Below is an example of how to use the ENS160 sensor with an Arduino UNO via I²C:

#include <Wire.h>
#include <Adafruit_ENS160.h>

// Create an instance of the ENS160 sensor
Adafruit_ENS160 ens160;

void setup() {
  Serial.begin(115200); // Initialize serial communication for debugging
  while (!Serial) delay(10); // Wait for Serial to initialize

  Serial.println("Adafruit ENS160 Test");

  // Initialize I²C communication and the ENS160 sensor
  if (!ens160.begin()) {
    Serial.println("Failed to find ENS160 sensor!
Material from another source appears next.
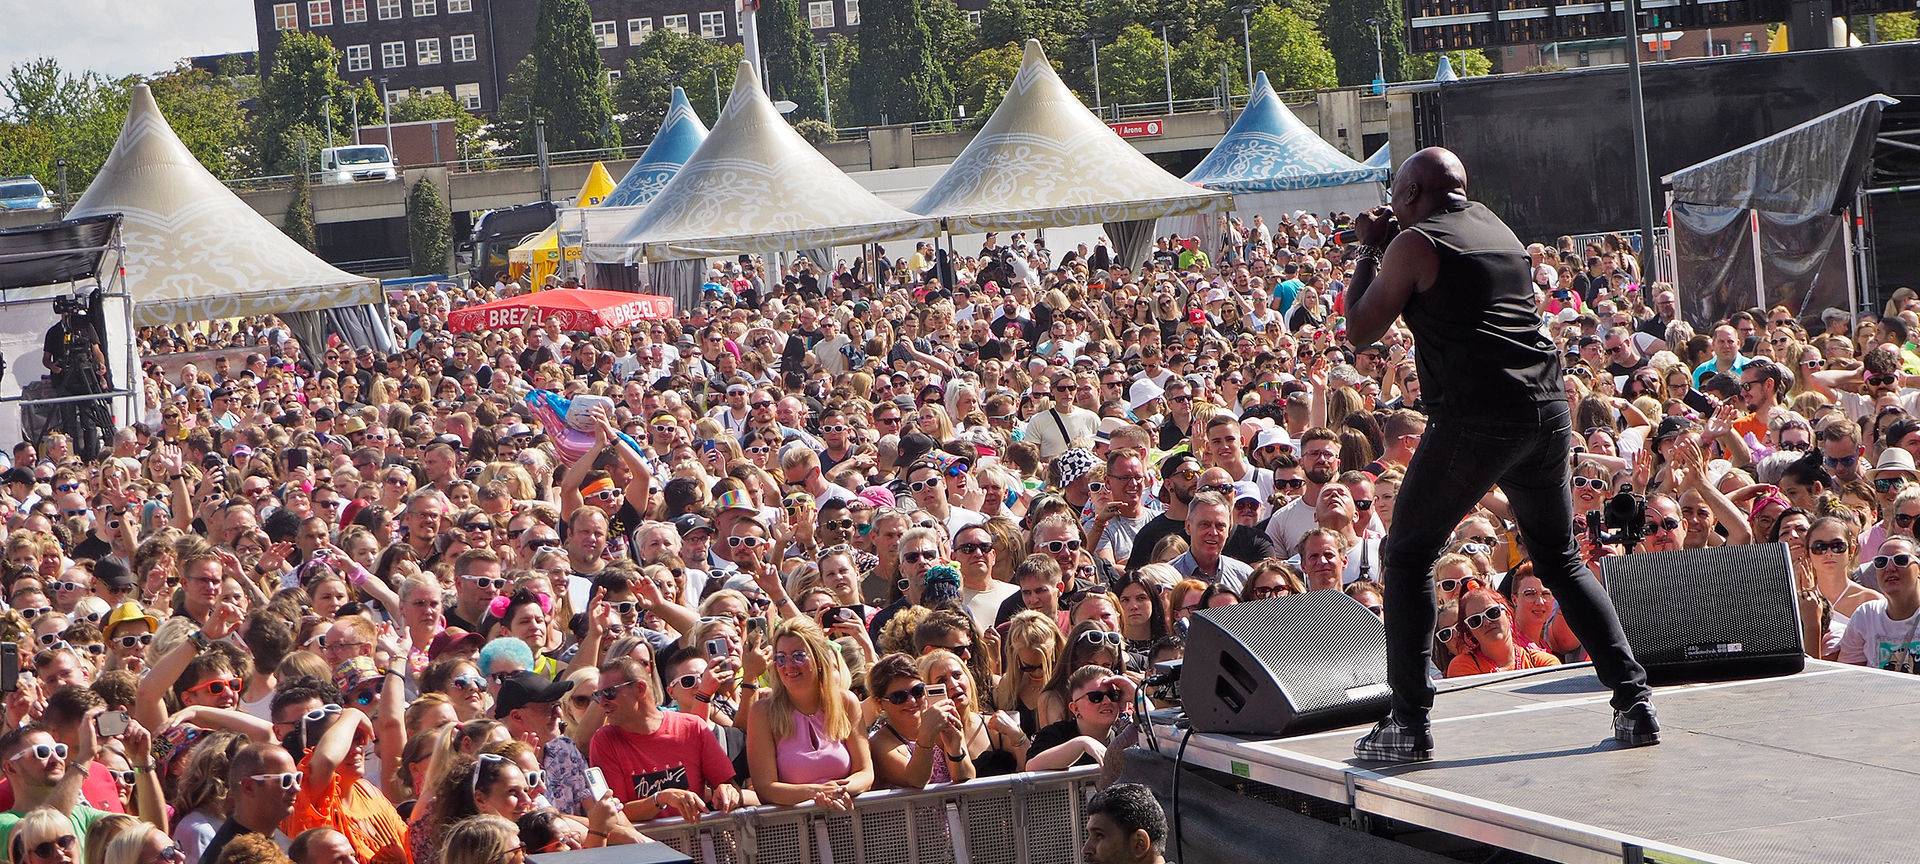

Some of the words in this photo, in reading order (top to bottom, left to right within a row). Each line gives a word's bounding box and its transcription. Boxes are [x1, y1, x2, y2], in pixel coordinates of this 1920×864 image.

[1123, 126, 1143, 134] Arena
[489, 307, 546, 327] BREZEL
[614, 300, 658, 324] BREZEL
Check connections.");
    while (1) delay(10); // Halt if sensor is not detected
  }

  Serial.println("ENS160 sensor initialized successfully!");
}

void loop() {
  // Read air quality data from the sensor
  ens160.readData();

  // Print air quality index (AQI) to the Serial Monitor
  Serial.print("Air Quality Index (AQI): ");
  Serial.println(ens160.getAQI());

  // Print equivalent CO2 (eCO2) levels
  Serial.print("Equivalent CO2 (eCO2): ");
  Serial.println(ens160.getECO2());

  // Print total VOCs (TVOC) levels
  Serial.print("Total VOCs (TVOC): ");
  Serial.println(ens160.getTVOC());

  delay(1000); // Wait 1 second before the next reading
}

Troubleshooting and FAQs

Common Issues and Solutions

Sensor Not Detected:
- Ensure the VIN and GND pins are properly connected to the power supply.
- Verify that the SDA and SCL pins are correctly connected to the microcontroller.
- Check that the CS pin is grounded for I²C mode.
Inaccurate Readings:
- Allow the sensor to warm up for a few seconds after powering it on.
- Ensure the sensor is placed in an area with good airflow.
- Avoid exposing the sensor to extreme temperatures or humidity.
Library Errors:
- Ensure the Adafruit ENS160 library is installed and up to date.
- Verify that the correct I²C address is being used (default: 0x53).

FAQs

Q: Can the ENS160 detect specific gases?
A: The ENS160 is optimized for detecting VOCs and providing air quality indices. It does not provide specific gas concentrations but offers equivalent CO2 (eCO2) and total VOC (TVOC) levels.

Q: Can I use the ENS160 with a 5V microcontroller?
A: Yes, the ENS160 breakout board includes level-shifting circuitry, making it compatible with both 3.3V and 5V systems.

Q: How often should I calibrate the sensor?
A: The ENS160 is factory-calibrated and does not require user calibration. However, ensure proper placement and avoid contaminants for consistent performance.

Q: What is the typical response time of the sensor?
A: The ENS160 has a fast response time, typically within a few seconds, depending on the gas concentration and environmental conditions.